McEnroe, Bjorn Borg, Ivan Lendl and others eventually caught up to Connors and he became just a part of a talented group of top players. He won four more U.S. Open titles and captured a second Wimbledon title eight years after his first. Despite an injury-plagued decade in the 1980s he made a stirring run to the semi-finals of the U.S. Open in 1991 just as he turned 39.
But winning and being No. 1 were just part of Connors’ legacy. He also had more “incidents” on court than any player in history. He once called an umpire an “abortion.” He once raced to the other side of the court to erase the mark of a ball that was called good but might have been out. He loved to trash talk with opponents, especially McEnroe, and, by his own estimation, was hated by about 99 percent of the media.
On the plus side, you could not find a better competitor. He simply never gave up. In that memorable 1991 U.S. Open he came back from two-sets, 3-0 down to beat a player 14 years his junior (Patrick McEnroe) in five sets in the opening round.
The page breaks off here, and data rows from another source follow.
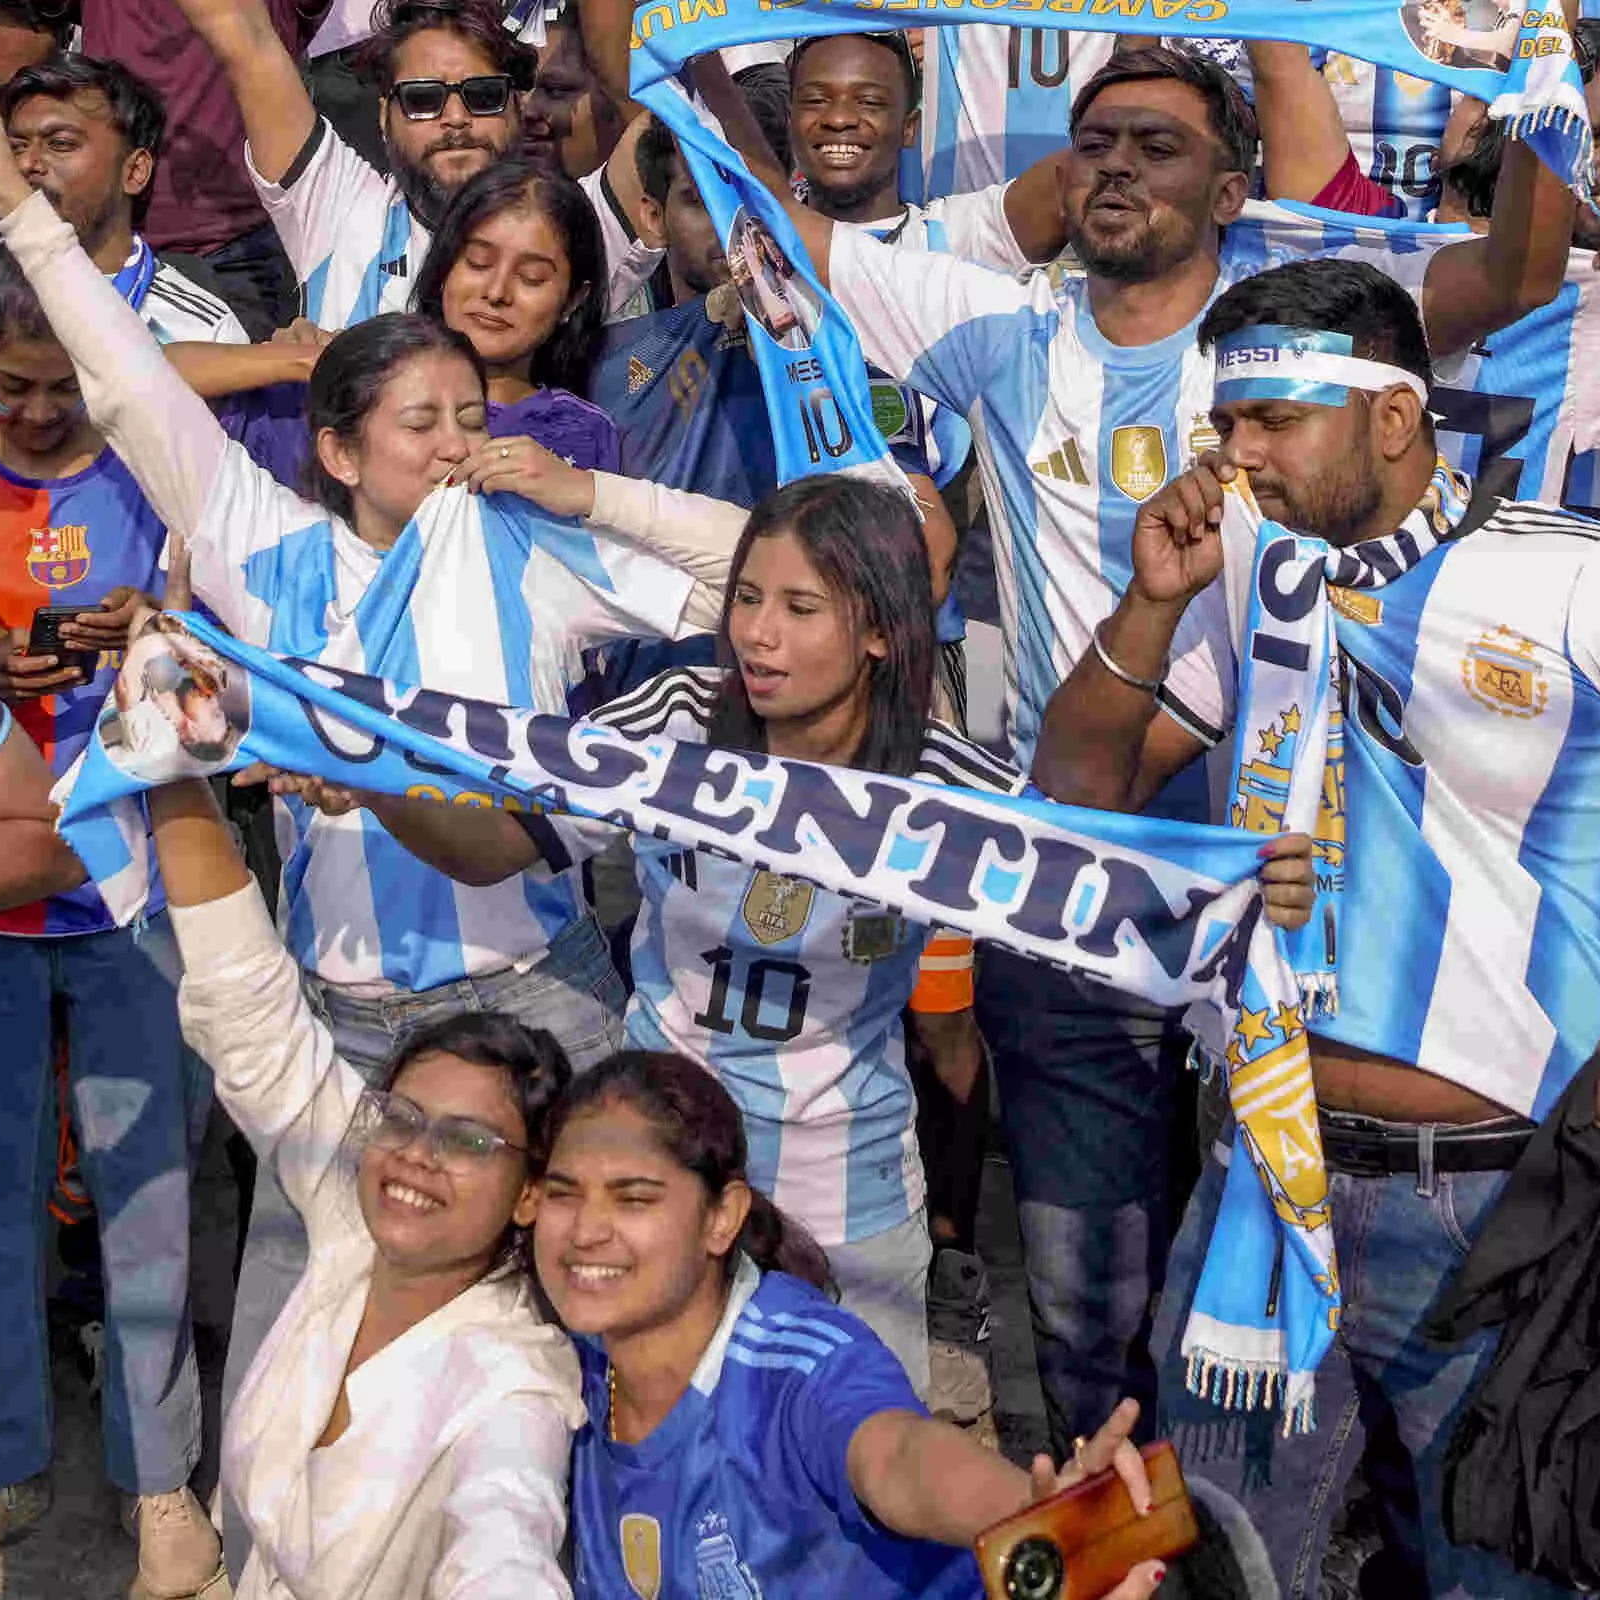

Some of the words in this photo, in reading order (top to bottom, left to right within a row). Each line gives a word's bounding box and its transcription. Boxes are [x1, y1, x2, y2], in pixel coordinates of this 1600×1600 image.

[1518, 36, 1564, 60] DEL
[783, 362, 824, 386] MES
[799, 388, 854, 466] 10
[694, 945, 811, 1044] 10
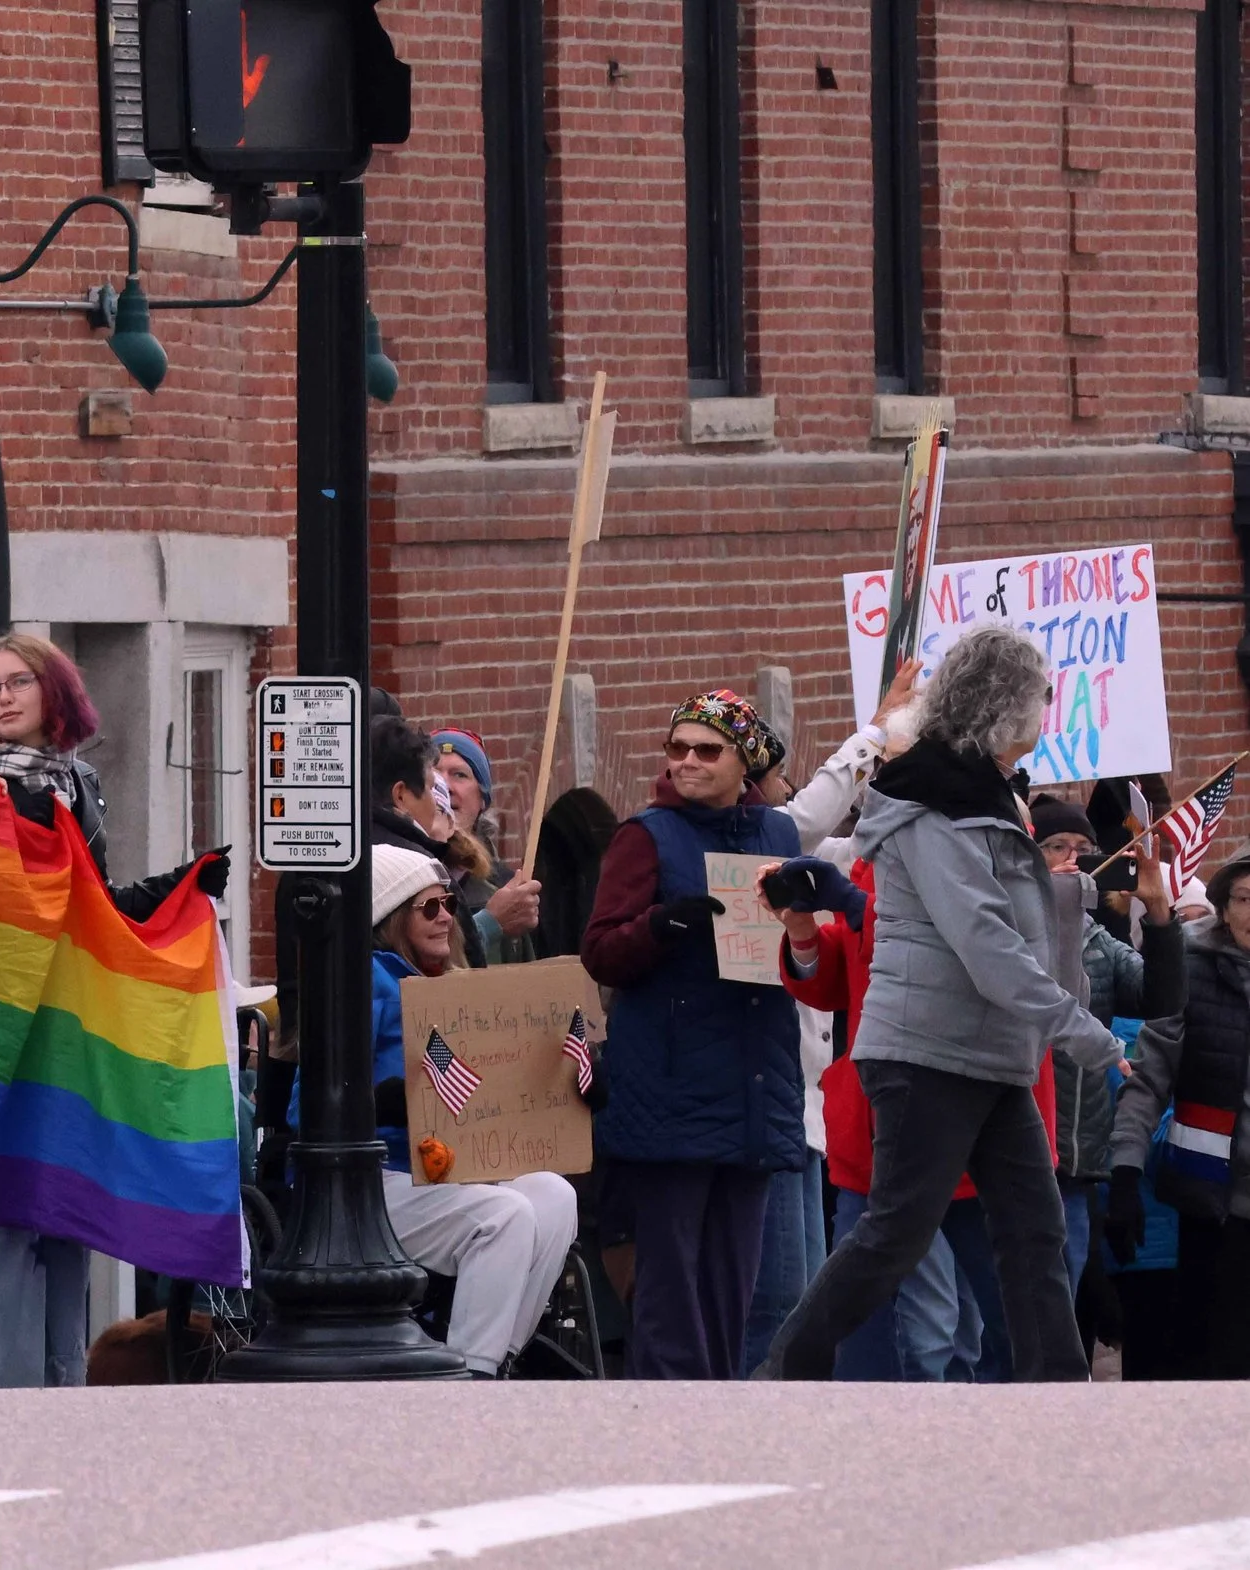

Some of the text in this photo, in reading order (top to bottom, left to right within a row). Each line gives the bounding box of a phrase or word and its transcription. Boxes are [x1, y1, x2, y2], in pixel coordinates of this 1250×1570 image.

[851, 547, 1151, 638] GME of THRONES
[292, 688, 344, 698] START CROSSING
[1039, 667, 1115, 735] HAT
[298, 726, 338, 735] DON'T START
[296, 737, 340, 748] Finish Crossing
[311, 747, 332, 757] Started
[293, 762, 344, 772] TIME REMAINING
[292, 773, 345, 784] To Finish Crossing
[298, 800, 339, 810] DON'T CROSS
[281, 830, 334, 840] PUSH BUTTON
[288, 847, 327, 857] TO CROSS
[710, 857, 748, 889] NO
[716, 931, 766, 961] THE
[441, 1003, 470, 1036] Left
[550, 1001, 574, 1027] Bein
Connors is the only player I ever saw who had the ability to break concentration between points. He could banter with the crowd and then be locked in once the next ball was in play. Most players are steel-faced and tortured while playing. Connors thoroughly enjoyed himself on the court. He didn’t care if you rooted for or against him just so long as you were there.
Connors has just written his memoir not surprisingly called “The Outsider.” It is an honest and straightforward autobiography, exactly what you would expect from him. If you thought he was an obnoxious jerk before reading the book you’ll still think he’s an obnoxious jerk after finishing it. The only difference is that you will realize he wears the moniker as a badge of honor. He is who he is.